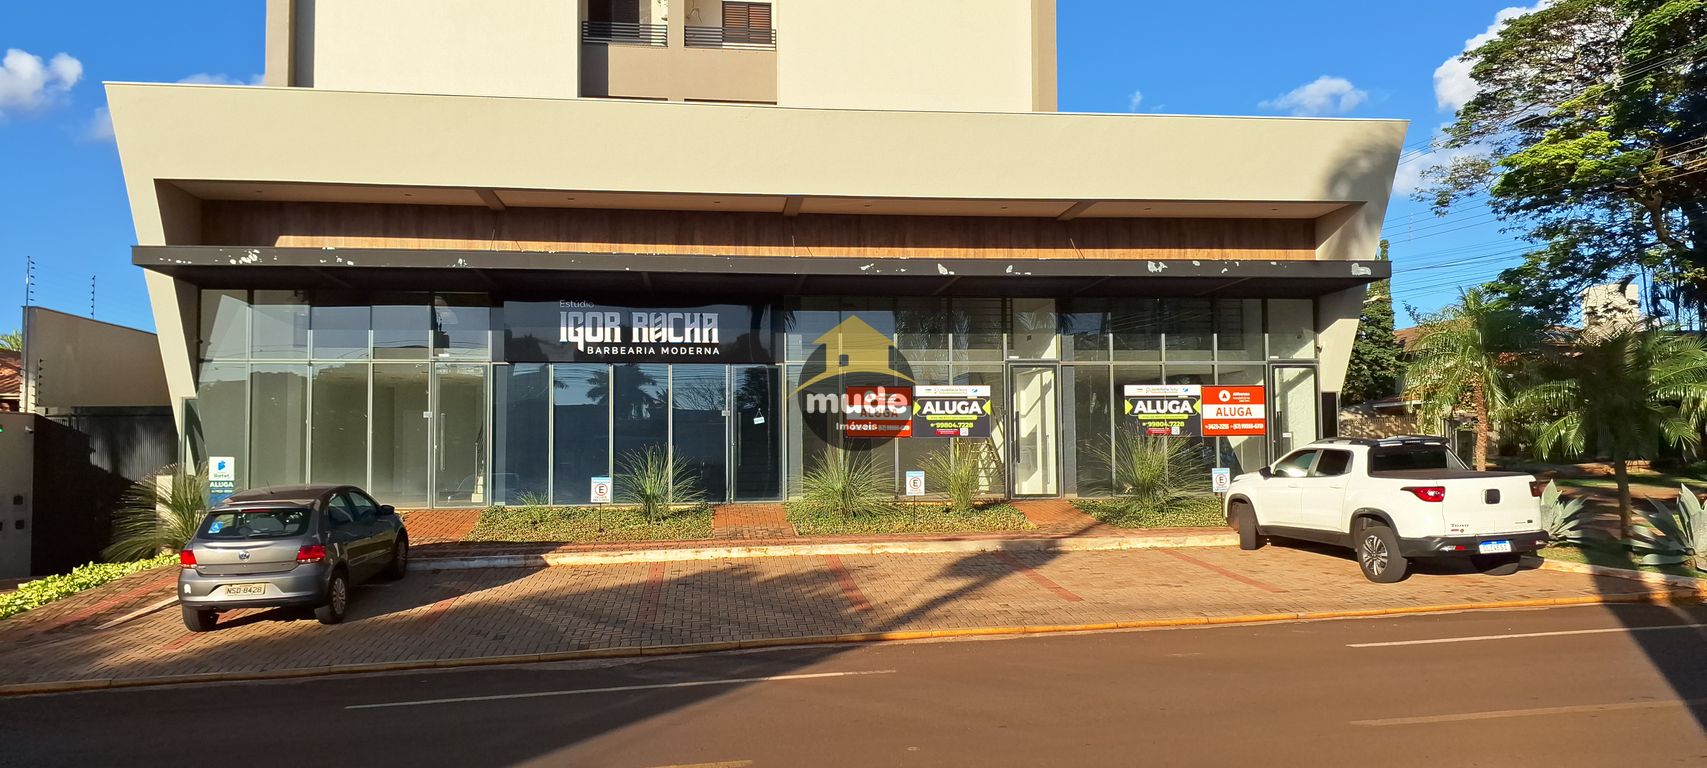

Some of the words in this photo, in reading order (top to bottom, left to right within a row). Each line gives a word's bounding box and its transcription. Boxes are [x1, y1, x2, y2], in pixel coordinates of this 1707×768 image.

[559, 300, 595, 308] Estúdio
[559, 311, 622, 352] IGOR
[631, 312, 720, 344] ROCHA
[587, 346, 656, 355] BARBEARIA
[661, 347, 720, 355] MODERNA
[860, 407, 899, 418] ALUGA
[922, 401, 983, 415] ALUGA
[1133, 400, 1194, 414] ALUGA
[1215, 407, 1253, 417] ALUGA
□ □ □
* [Task requirements]
Set down the data above word for word, leaving every picture out.

* [Answer space]
Some of the words in this photo, in reading order (top to bottom, left to right within a row). Each line gives a word's bounding box and its transcription. Boxes are [x1, y1, x2, y2], in pixel coordinates of this 1707×768 image.

[559, 300, 595, 308] Estúdio
[559, 311, 622, 352] IGOR
[631, 312, 720, 344] ROCHA
[587, 346, 656, 355] BARBEARIA
[661, 347, 720, 355] MODERNA
[860, 407, 899, 418] ALUGA
[922, 401, 983, 415] ALUGA
[1133, 400, 1194, 414] ALUGA
[1215, 407, 1253, 417] ALUGA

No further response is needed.